Les auteurs de ces recommandations précisent qu’une telle démarche implique de former les médecins et que cela devrait déjà être fait durant leur formation. Ces directives contiennent des conseils précis : écrire au patient bien sûr mais aussi rédiger un courrier clair, informatif et compréhensible (en bannissant le jargon médical). Ce document doit aussi contenir des propositions et un plan de traitement, utiles à la fois au patient et au généraliste.

Pourquoi écrire aux patients ?

Les auteurs de ce document rappellent que les règles du NHS (National Health service, le service de santé publique anglais) précisent que le patient, sa famille et son entourage doivent être informés sur tout ce qui concerne les mesures préventives, diagnostiques et thérapeutiques le concernant, lui adresser à lui directement les rapports médicaux va donc dans cette direction.

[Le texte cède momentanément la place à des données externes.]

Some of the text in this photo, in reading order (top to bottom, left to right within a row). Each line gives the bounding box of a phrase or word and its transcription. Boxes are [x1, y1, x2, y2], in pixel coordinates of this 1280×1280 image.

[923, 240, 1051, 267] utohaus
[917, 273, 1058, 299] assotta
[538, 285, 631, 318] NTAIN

L’Academy of Medical Royal Colleges présente aussi plusieurs études qui montrent que l’envoi des courriers aux patients a un impact positif 1, 2  et que cela permet aux médecins qui ont adopté cette nouvelle façon de communiquer d’exercer une médecine qui est plus centrée sur le patient.

Il est aussi très intéressant de lire les commentaires des patients qui ont pu vivre cette expérience :

« Après une consultation, lorsque on arrive à la maison, on a déjà presque tout oublié de ce que le médecin nous  a dit. Recevoir une lettre permet de mieux comprendre sa maladie et savoir ce qui peut être fait pour aller mieux ».

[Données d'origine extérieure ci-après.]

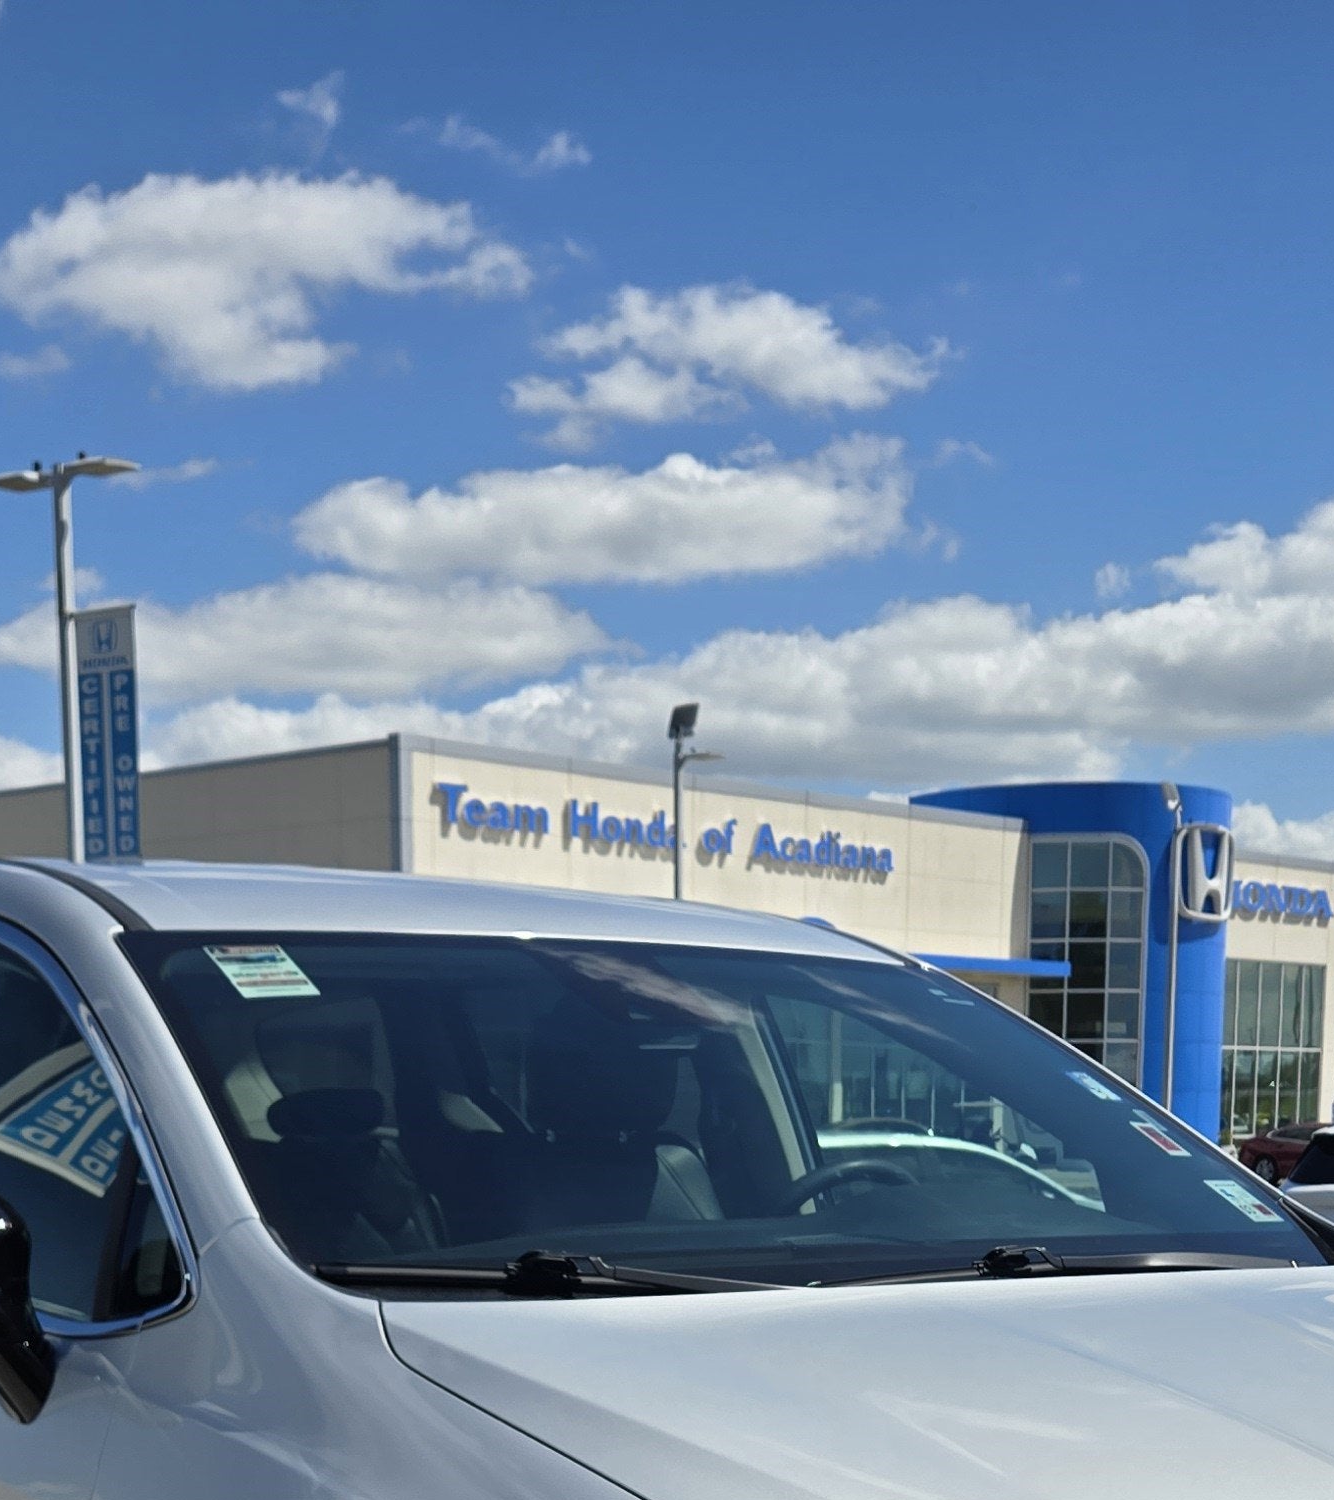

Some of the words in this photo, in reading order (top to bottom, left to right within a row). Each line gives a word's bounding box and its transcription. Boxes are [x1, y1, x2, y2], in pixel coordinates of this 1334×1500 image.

[113, 673, 131, 733] PRE
[81, 677, 105, 854] CERTIFIED
[116, 754, 135, 852] OWNED
[437, 782, 549, 834] Team
[702, 817, 738, 854] of
[751, 823, 894, 872] Acadiana

Cette affirmation a été démontrée par des études qui indiquent qu’entre 40 et 80 % de l’information délivrée par le personnel médical est immédiatement oubliée par le patient et que près de la moitié de l’information retenue est incorrecte.

Les commentaires des patients montrent aussi que la possibilité pour le patient de lire le courrier permet des corrections :

« Je ne prends plus la Pravastatin comme indiqué mais de la Simvastatin ». Ou encore : « Il manque deux médicaments dans la liste de mon traitement… ».

Pour le Dr Hugh Rayner, un médecin impliqué dans cette initiative, « écrire au patient plutôt qu’à son sujet modifie la relation entre  le médecin et son patient, le patient est plus impliqué dans sa prise en charge et cela apporte toutes sortes d’avantages ».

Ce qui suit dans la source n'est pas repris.